Attacks on the Press 2003: Kyrgyzstan

Once regarded as one of Central Asia’s more progressive countries, impoverished Kyrgyzstan has become highly repressive when it comes to the press. Despite having cast himself as a liberal when he took office in 1991, in recent years President Askar Akayev has tightened the government’s grip on the independent and opposition media.

Senior government officials, including Prime Minister Nikolai Tanaev, have relied on civil and criminal defamation laws to attack media outlets that criticize their policies or produce investigative stories about official corruption. Exorbitant financial penalties imposed by the courts pushed a few media outlets toward financial collapse in 2003.

The independent newspaper Moya Stolitsa-Novosti, based in the capital, Bishkek, continued to be the target of a large number of politically motivated lawsuits during 2003. The paper, which is well known for its investigations into high-level corruption, is one of the only publications that openly criticizes the government. After enduring continued legal harassment that resulted in hefty fines, the publication printed its final hard-copy issue on June 13 but shortly thereafter started a print and online version under the name MSN.

According to the U.S. government-funded Radio Free Europe/Radio Liberty, in the course of Moya Stolitsa-Novosti‘s two-year existence in print, the paper faced 31 lawsuits and paid nearly US$90,700 in damages to plaintiffs ranging from politicians to businessmen. The legal actions against the paper began in late 2002, when Prime Minister Tanaev filed a suit in response to a November 26, 2002, article that he said offended his honor and dignity. The article, written by political editor and investigative reporter Rina Prizhivoit, criticized the policies of President Akayev and his inner circle, including Tanaev.

Presidential Press Secretary Abdil Segizbaev denied that the criminal libel lawsuits were politically motivated, claiming that they were merely responses to violations of the law, according to an interview he gave to the London-based Institute for War and Peace Reporting.

Libel suits were the predominant method employed by Kyrgyz authorities to stifle critical voices in 2003. However, there were cases of assaults on journalists. In mid-January in Bishkek, two unidentified assailants attacked Moya Stolitsa-Novosti journalist Aleksandra Chernykh, beating her in front of her 11-year-old daughter. Chernykh’s colleagues believe that the attack was a warning to the journalist’s mother and colleague at the paper, the political editor Prizhivoit.

In late February, Kyrgyz authorities forced Edil Baysalov, an opposition leader and editor of the independent weekly Demokrat, to undergo a medical exam and detained him in the hospital for three days. The hospitalization coincided with Baysalov’s scheduled appearance at a roundtable discussion in Kyrgyzstan, organized by the local office of the U.S.-based nongovernmental group Freedom House, where he was to discuss voter turnout for the February 2 constitutional referendum.

The referendum, approved by 75 percent of voters, ratified a new constitution put forward by Akayev, as well as an amendment for an extension of his term in office to December 2005. Opposition parties, nongovernmental organizations, and independent journalists questioned the legitimacy of the referendum’s results. In addition to omitting any references to press freedom in the new constitution, the document contained vague restrictions on journalists’ rights to gather and distribute information.

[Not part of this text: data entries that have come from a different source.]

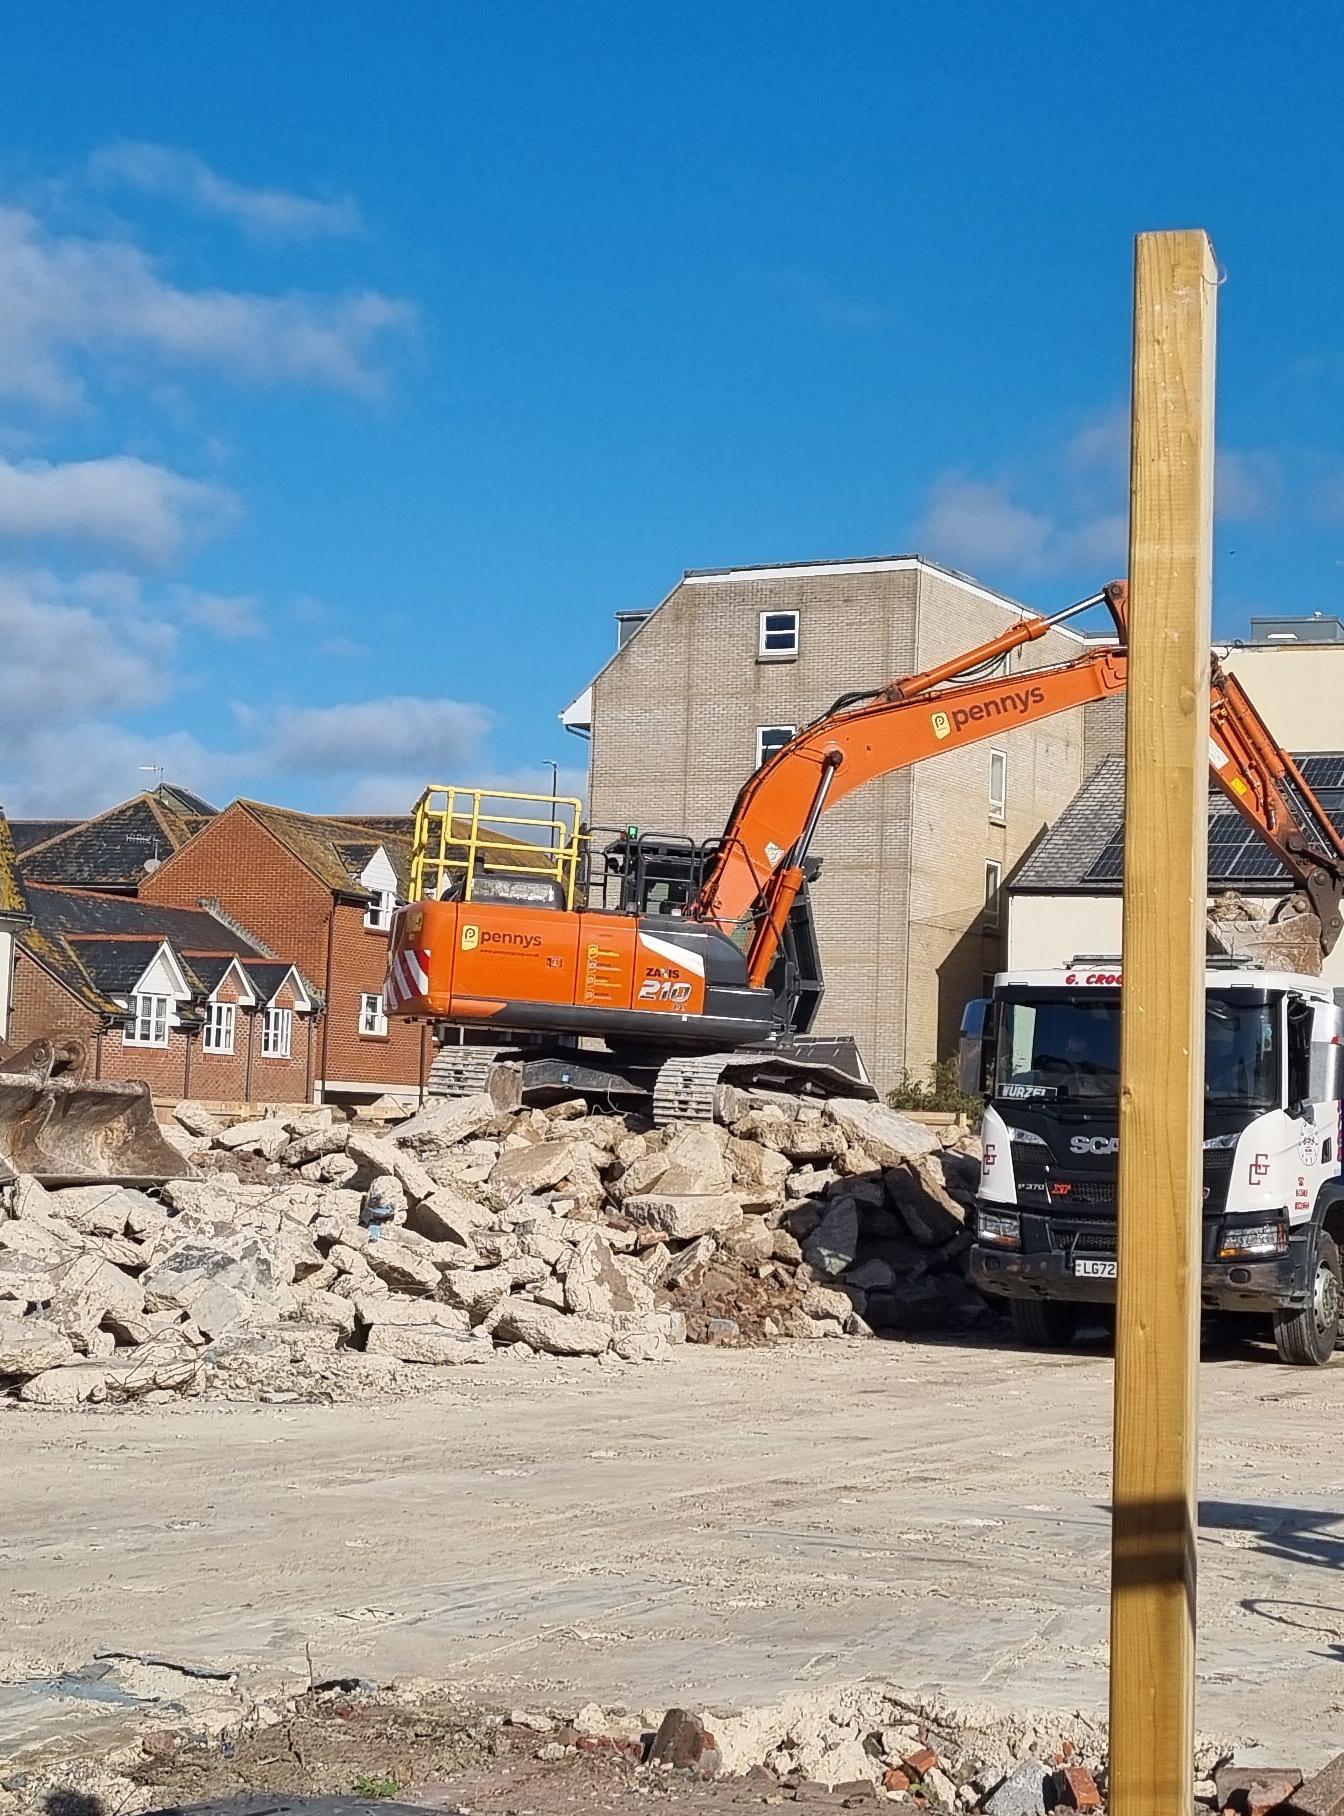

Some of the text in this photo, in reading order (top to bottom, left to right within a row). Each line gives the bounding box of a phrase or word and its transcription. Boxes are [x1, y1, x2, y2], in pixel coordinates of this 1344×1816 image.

[951, 686, 1045, 732] pennys
[480, 931, 542, 949] pennys
[1065, 973, 1123, 985] G. CROO
[638, 979, 692, 1003] 210
[1069, 1135, 1120, 1155] SCA
[1083, 1262, 1116, 1276] LG72
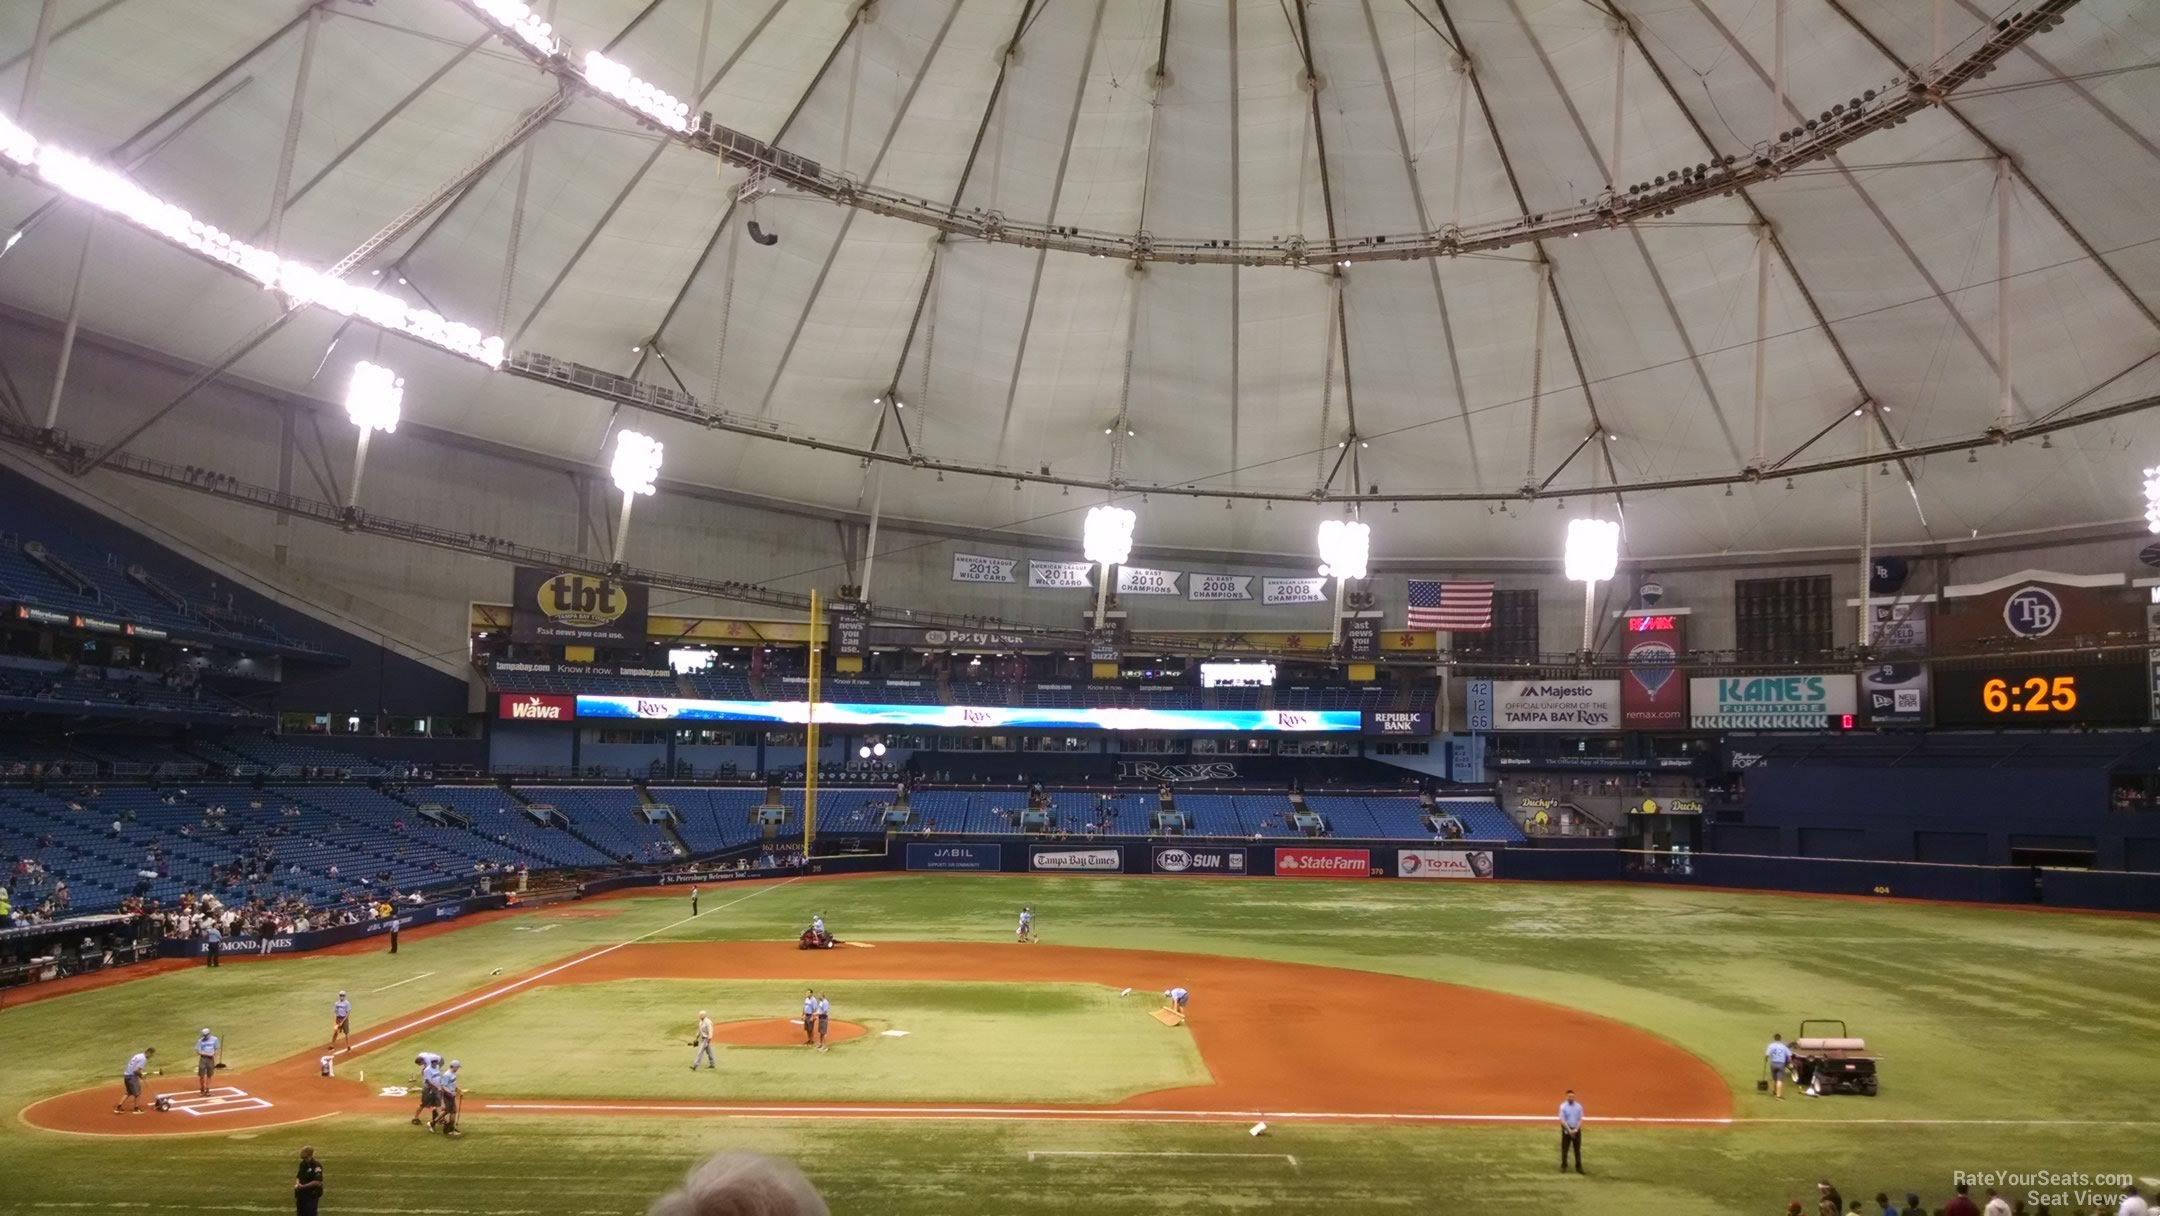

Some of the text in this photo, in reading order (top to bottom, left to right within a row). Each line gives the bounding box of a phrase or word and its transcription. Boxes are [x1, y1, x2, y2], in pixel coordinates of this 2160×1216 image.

[969, 563, 1000, 575] 2013
[1045, 569, 1074, 580] 2011
[1131, 575, 1163, 586] 2010
[1121, 584, 1171, 593] CHAMPIONS
[1203, 582, 1235, 592] 2008
[1277, 585, 1310, 595] 2008
[550, 576, 616, 613] tbt
[1267, 594, 1319, 602] CHAMPIONS
[2014, 597, 2052, 628] TB
[537, 627, 554, 635] Fast
[593, 630, 607, 638] can
[842, 630, 859, 639] you
[1352, 638, 1369, 646] you
[1091, 651, 1118, 660] buzz?
[496, 662, 670, 677] tampabay.com Know it now. tampabay.com
[1471, 684, 1487, 695] 42
[1541, 686, 1592, 699] Majestic
[1719, 677, 1825, 702] KANE'S
[1983, 677, 2077, 712] 6:25
[512, 702, 561, 718] Wawa
[1473, 700, 1486, 711] 12
[1375, 713, 1421, 722] REPUBLIC
[1505, 712, 1548, 722] TAMPA
[1551, 712, 1574, 722] BAY
[1626, 711, 1680, 719] remax.com
[1384, 721, 1412, 730] BANK
[1472, 716, 1487, 727] 66
[934, 848, 973, 857] JABIL
[1037, 855, 1115, 867] Tampa Bay Times
[1164, 854, 1184, 862] FOX
[1193, 854, 1220, 867] SUN
[1874, 886, 1890, 894] 404
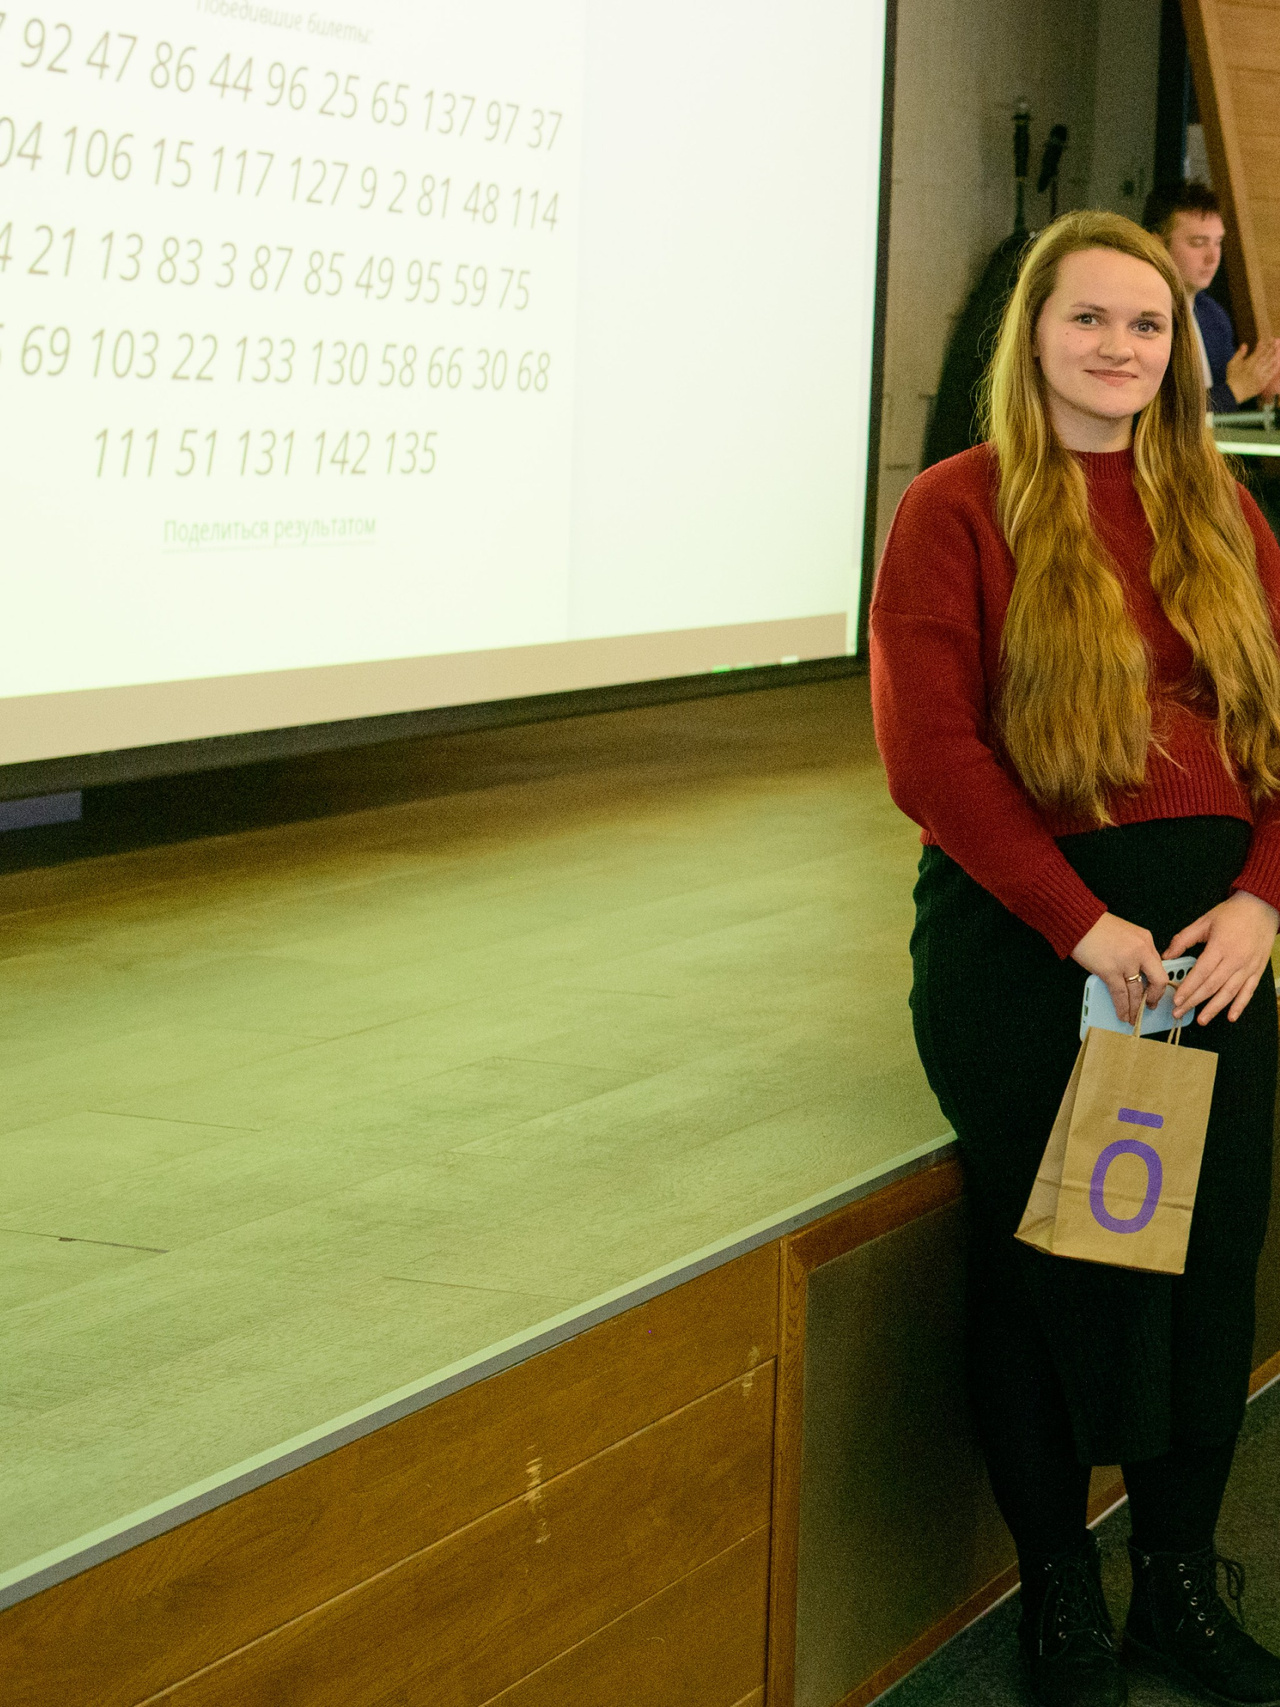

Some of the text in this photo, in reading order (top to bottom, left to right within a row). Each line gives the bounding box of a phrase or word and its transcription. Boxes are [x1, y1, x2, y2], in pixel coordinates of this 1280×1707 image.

In September, journalists were alarmed by the death of Ernis Nazalov, of the Bishkek daily Kyrgyz Ruhu, whose body was found on the bank of a canal in the southern Kara-Suu District. Nazalov had been investigating government corruption at the time of his death. An incomplete police investigation failed to clarify the circumstances of his death, raising suspicions that it was not accidental.

Ninety-five percent of Kyrgyz journalists polled by the government-sponsored Media Council in the fall of 2003 wanted defamation decriminalized, and they suggested amendments to the existing media law that would protect the dignity and honor of journalists. In mid-December, Akayev forwarded a bill to Parliament that would decriminalize defamation. If approved, the law would require defamation cases to be tried in civil, not criminal, courts. The bill did not specify a maximum amount for the fine to be imposed on convicted journalists and media outlets. While some journalists welcomed the bill, others doubted that it would alleviate the pressure on independent media. Few plaintiffs seek jail terms for journalists; instead, they demand excessive monetary fines that leave news outlets on the brink of financial collapse. At year’s end, Parliament had not yet voted on the bill.

On a positive note, in November, Freedom House, which has an office in Bishkek, set up an independent publishing house, ending the state printer Uchkun’s monopoly in the capital. The new Freedom House printer is open to both state and independent publications. Uchkun has often refused to print content that officials might consider offensive. According to international observers, the new printer will finally allow opposition papers to publish without fear of censorship or retribution.